What can laws without a secure moral base do? Anything they like. And that is sure to be justified politically in whatever terms the politician chooses. An aggressive war becomes a crusade. An illegal war becomes a courageous act for the greater good. We do not judge our governments a failure when they are said to be kind. We judge kindness to be a necessary quality. Even tough decisions are admired as the immediate cruelty that produces an eventual kindness.
It is evident that government can act against general moral opinion, while remaining within the law. How a law is interpreted is always the question. The interpretation can be flexible. The more unconscionable the action, the more flexible the interpretation. And the justification is not that that the action was moral or lawful: it was necessary. The final appeal is to sincerity – ‘I did what I thought was right.’ It is as if sincerity were the highest virtue, rather than the least we can expect of people.

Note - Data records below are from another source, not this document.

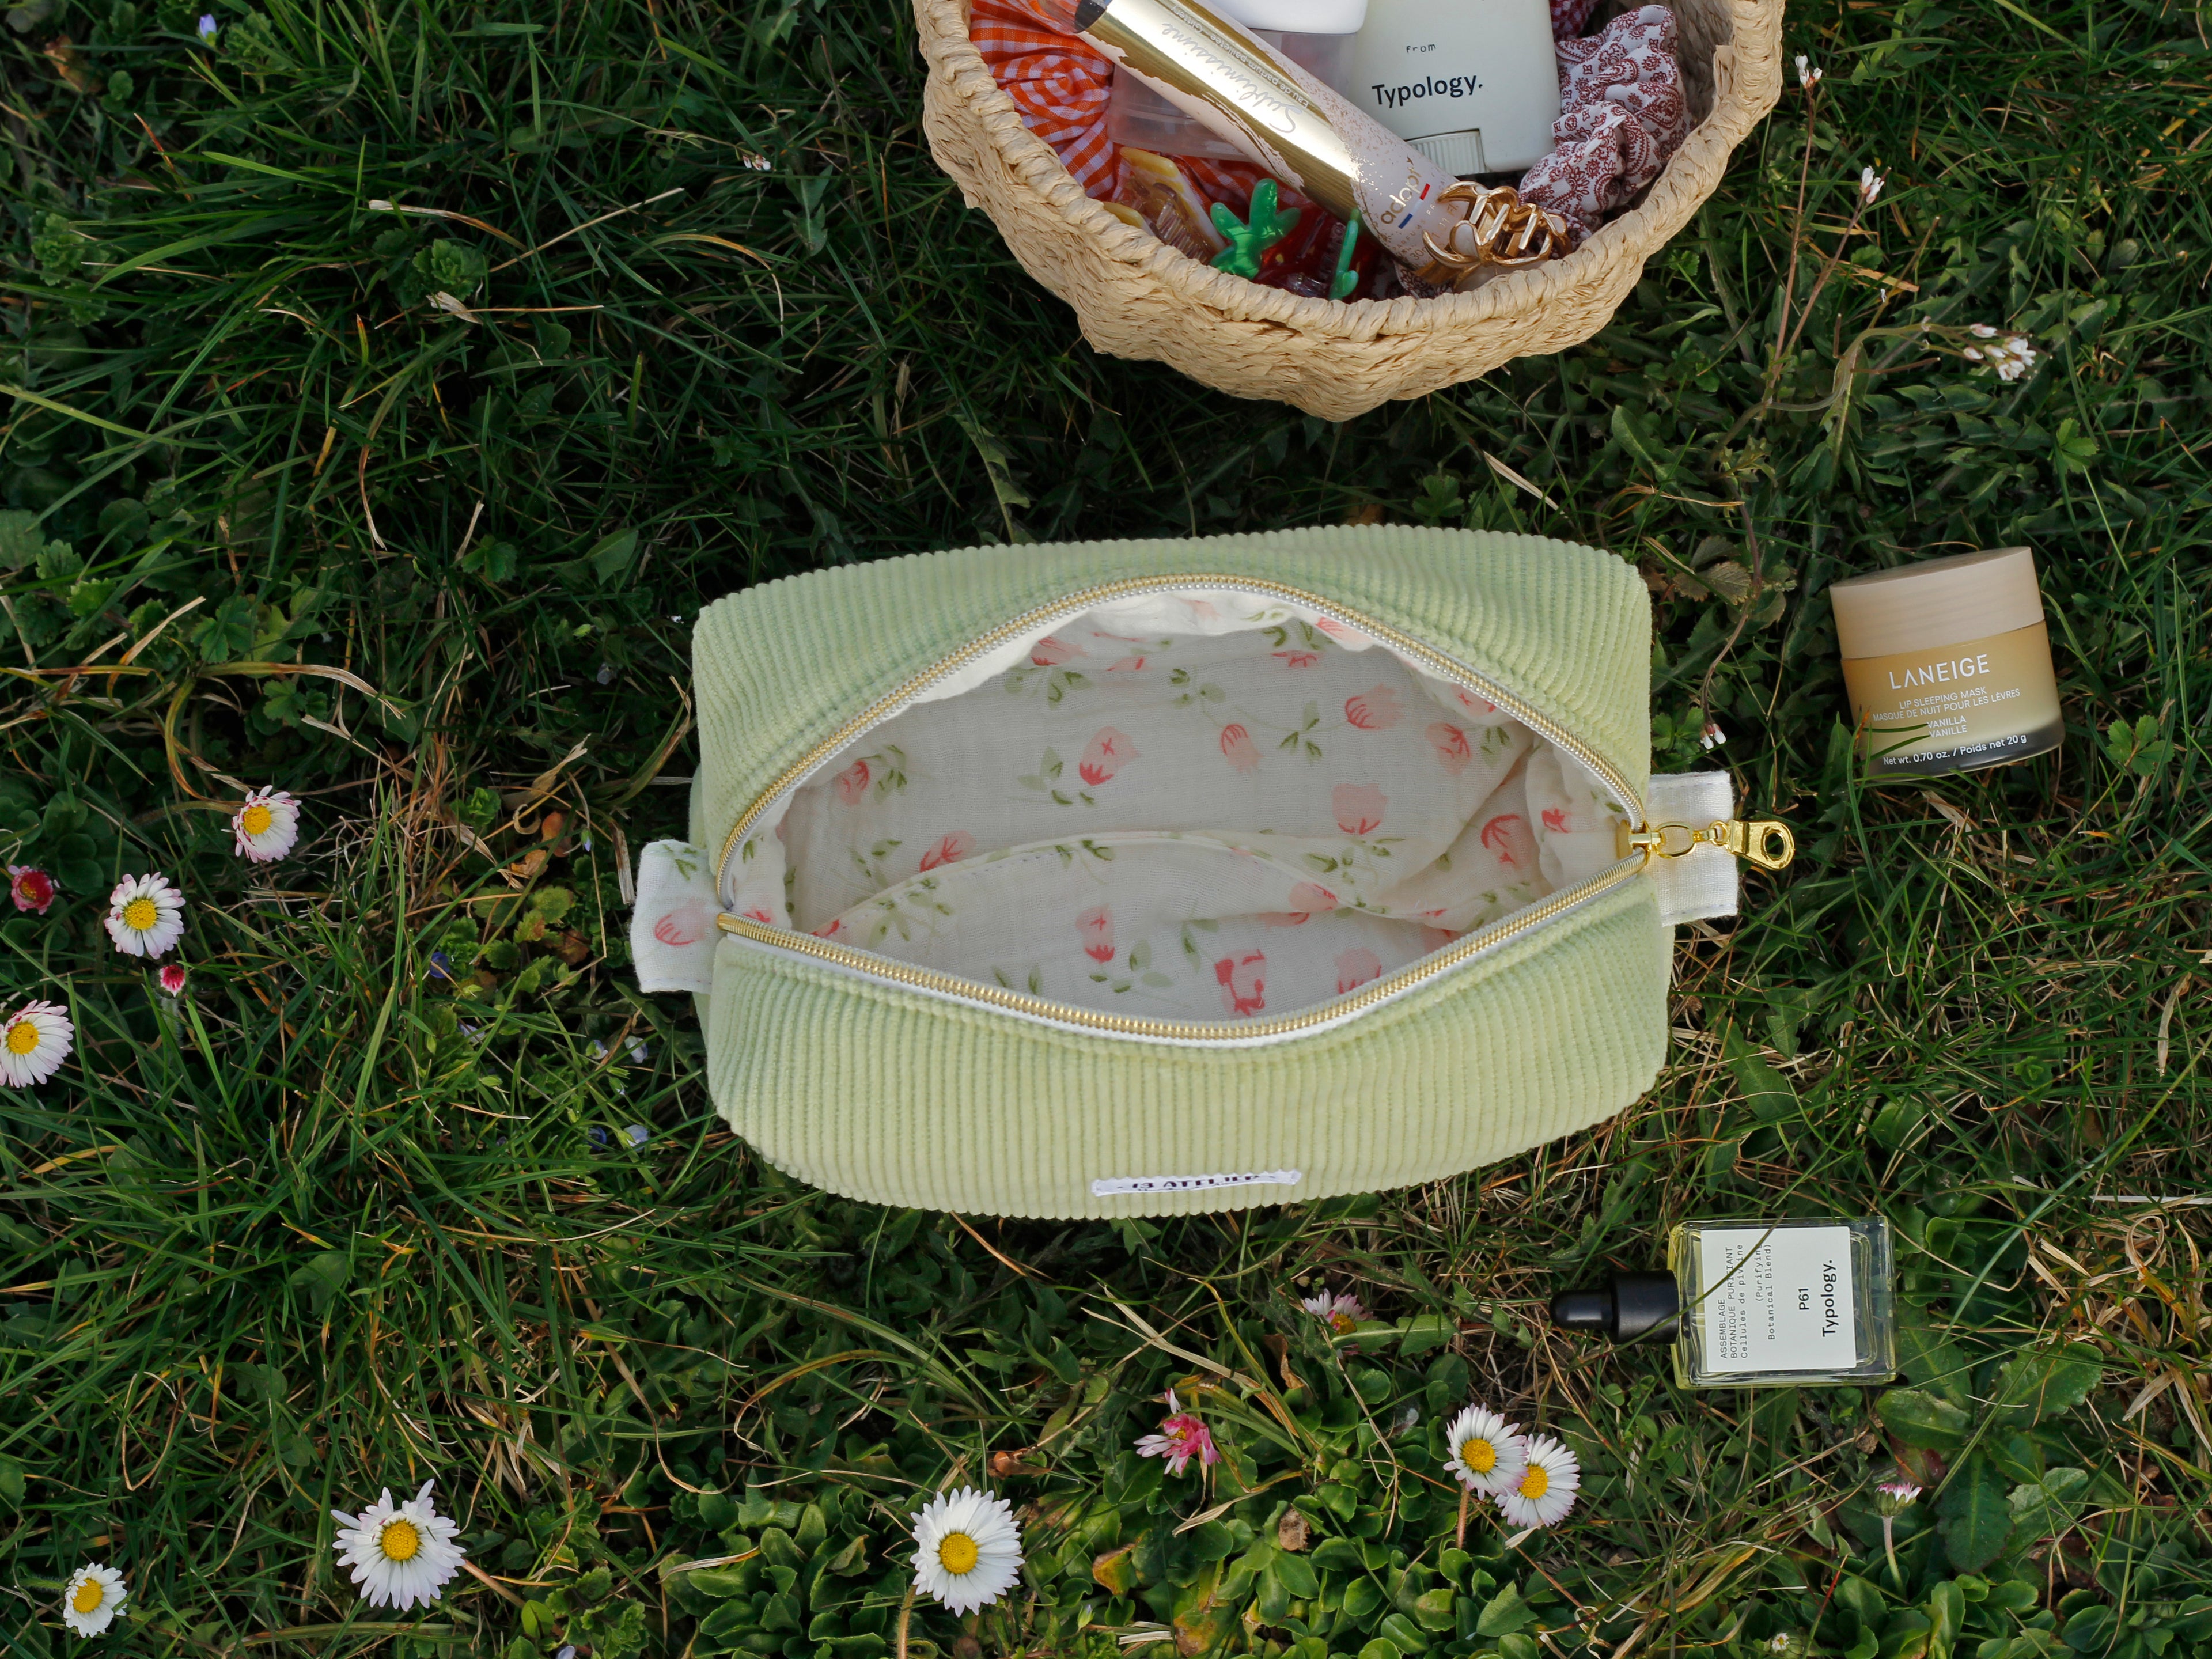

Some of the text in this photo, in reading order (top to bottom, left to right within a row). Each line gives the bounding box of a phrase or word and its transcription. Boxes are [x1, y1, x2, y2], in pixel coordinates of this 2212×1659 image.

[1171, 5, 1203, 33] Glittery
[1406, 44, 1437, 54] from
[1161, 23, 1302, 134] Sublimissime
[1248, 62, 1279, 85] parfum
[1280, 84, 1291, 95] de
[1293, 92, 1309, 109] Eau
[1372, 75, 1483, 108] Typology.
[1889, 654, 1991, 690] LANEIGE
[1873, 688, 2021, 721] MASQUE DE NUIT POUR LES LÈVRES
[1899, 687, 1987, 709] LIP SLEEPING MASK
[1926, 715, 1967, 729] VANILLA
[1929, 725, 1968, 738] VANILLE
[1883, 756, 1897, 766] Net
[1897, 756, 1911, 764] wt.
[1913, 752, 1933, 762] 0.70
[1936, 751, 1951, 760] oz.
[1960, 743, 1987, 756] Poids
[1989, 738, 2006, 749] net
[2006, 735, 2019, 745] 20
[2020, 734, 2027, 744] g
[1736, 1244, 1748, 1358] Cellules de pivine
[1763, 1244, 1775, 1340] Botanical Blend)
[1798, 1288, 1809, 1310] P61
[1820, 1260, 1839, 1337] Typology.
[1718, 1298, 1728, 1359] ASSEMBLAGE
[1728, 1306, 1738, 1358] BOTANIQUE
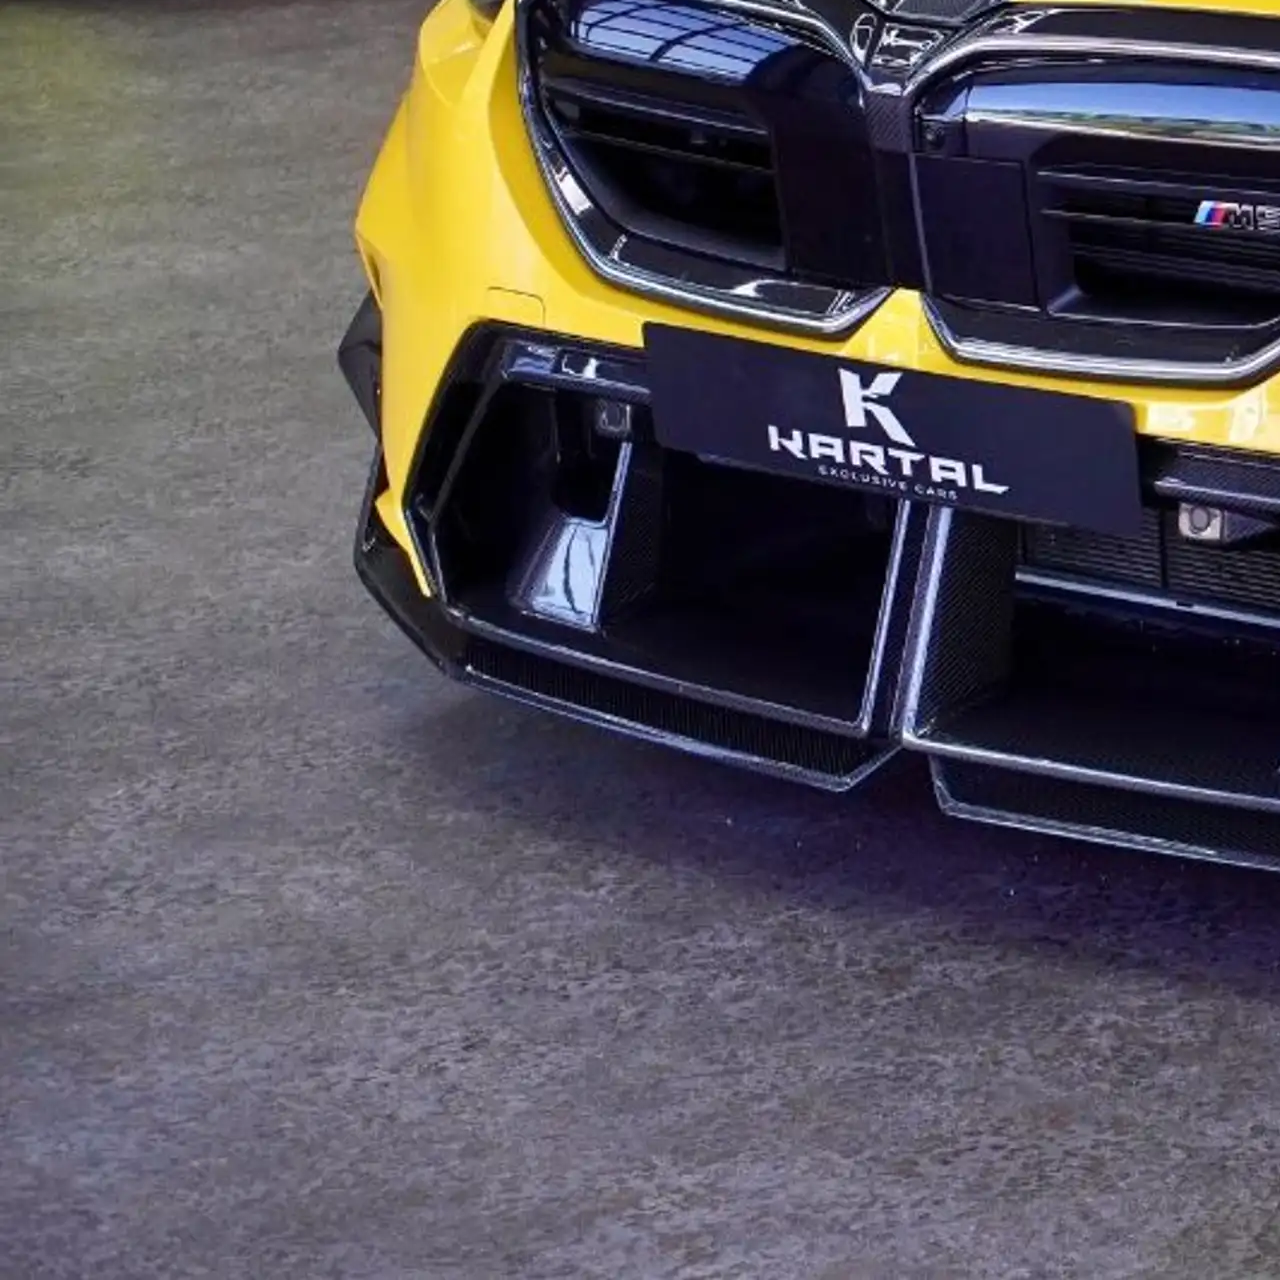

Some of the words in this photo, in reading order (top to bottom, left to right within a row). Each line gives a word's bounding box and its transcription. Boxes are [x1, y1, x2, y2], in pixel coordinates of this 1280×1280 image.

[837, 367, 917, 448] K
[767, 424, 1010, 495] KARTAL
[818, 464, 908, 491] EXCLUSIVE
[913, 482, 959, 501] CARS
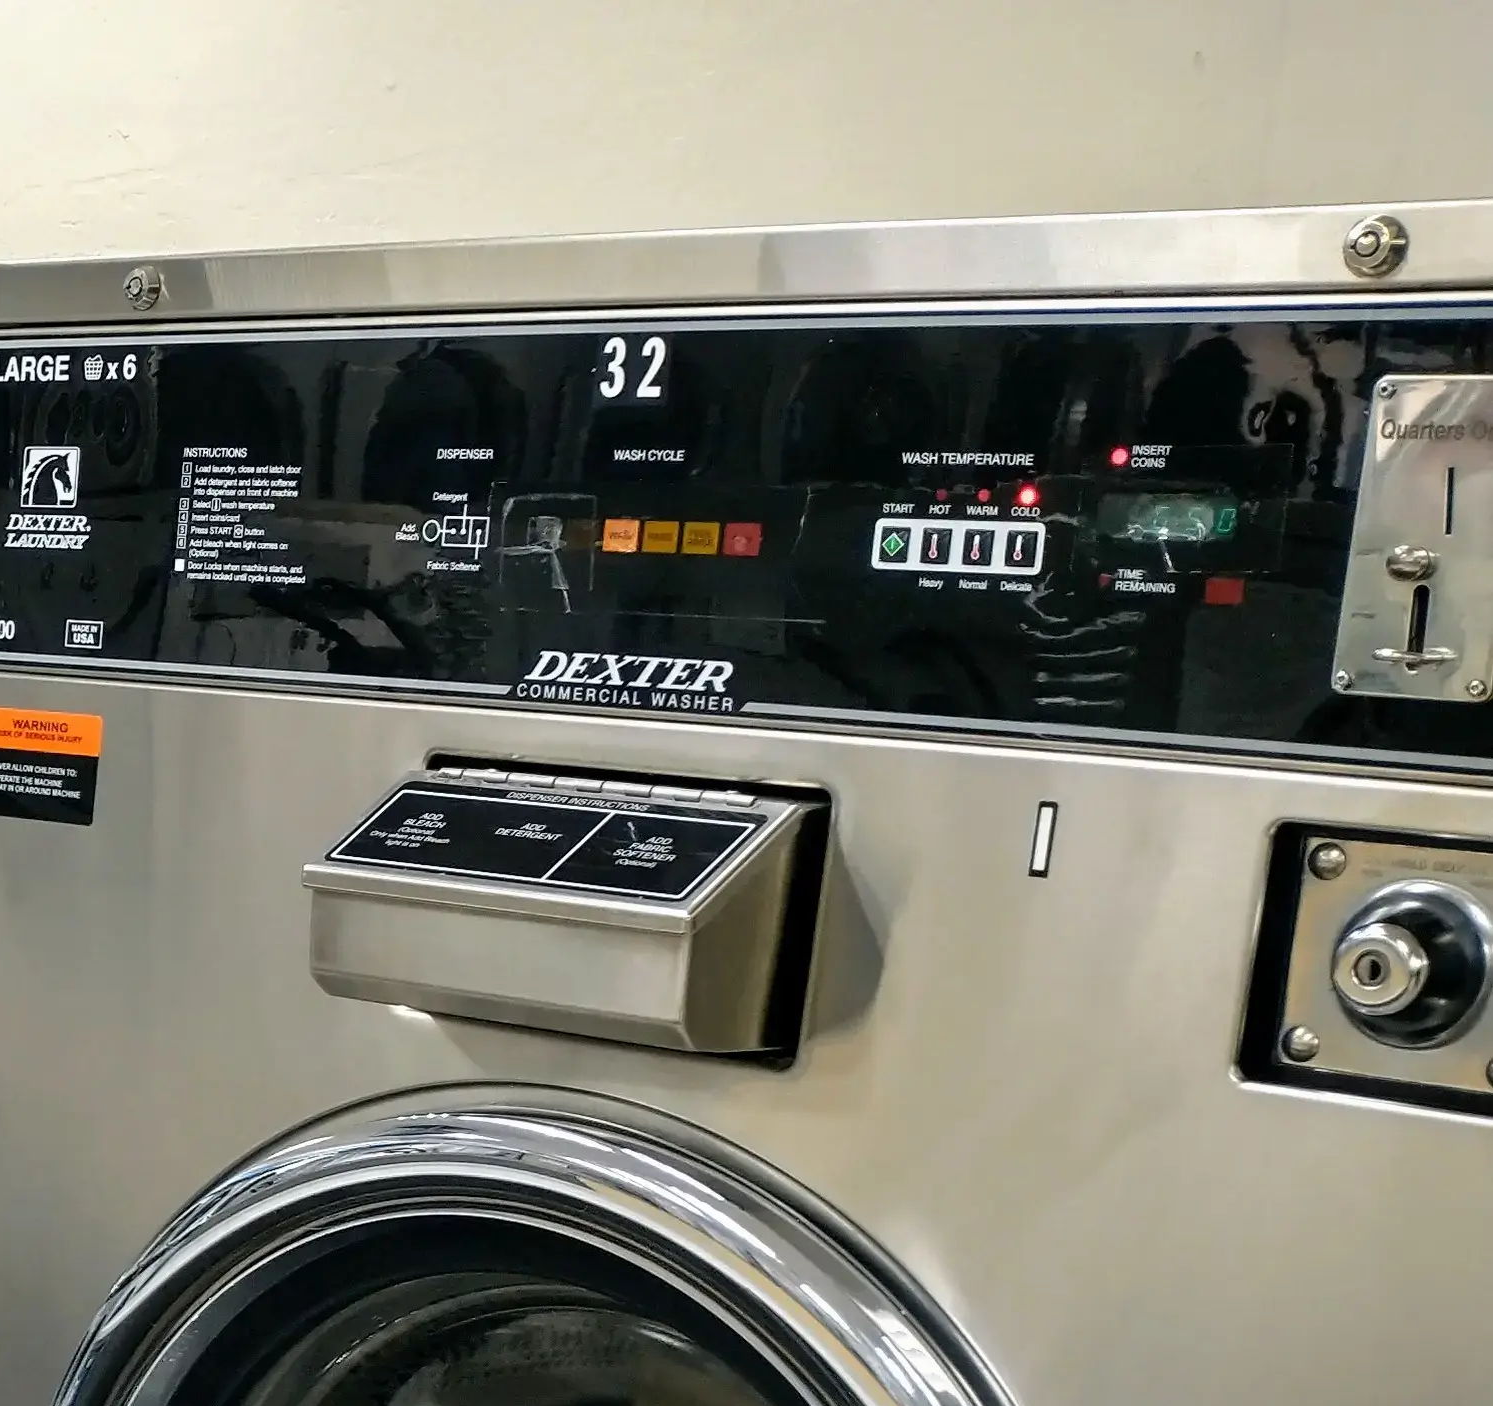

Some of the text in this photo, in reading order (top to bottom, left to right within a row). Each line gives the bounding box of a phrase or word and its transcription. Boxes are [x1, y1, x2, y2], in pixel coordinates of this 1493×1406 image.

Society expects its leaders to act not only according to conscience, but according what is generally considered to be legitimate. Legitimacy is not the same as lawful. It may appeal, as Franklin and Jefferson did, to an unwritten but generally acknowledged law. This is an appeal to moral law, to what is universally considered just. If the world condemns an action no politician can argue its legitimacy even when it is technically legal (although this will be doubtful). If we act with conscience against general opinion we may be proved right in the course of history, but for the time being we stand condemned. If in the literal and narrow interpretation of the law there is no wrong, political action in the end goes nowhere without an ethical foundation. Short-term gain is possible, whereas the desired ‘legacy’ (that will earn a political action a footnote in history) disappears. ‘I did what I thought was right’ can mean ‘As a lawmaker I can decide what is lawful.’ That is not what we understand by virtue in the political world.
And this is where, by way of conclusion, we must speak of justice. By justice we mean the balance between law and ethical action. We speak of a ‘just war’. That is the phrase in common use – not a legal war, but a just war. There may be no legal obstacle to engaging in a particular conflict. There may be, however, a general sense of unease grounded both in conscience and the law beyond the statute book and judicial ruling. Without justice government becomes not what is politically right, but what is politically expedient. The question is not what can a government get away with. The question is what can our leaders do and sleep easily, if they can sleep at all.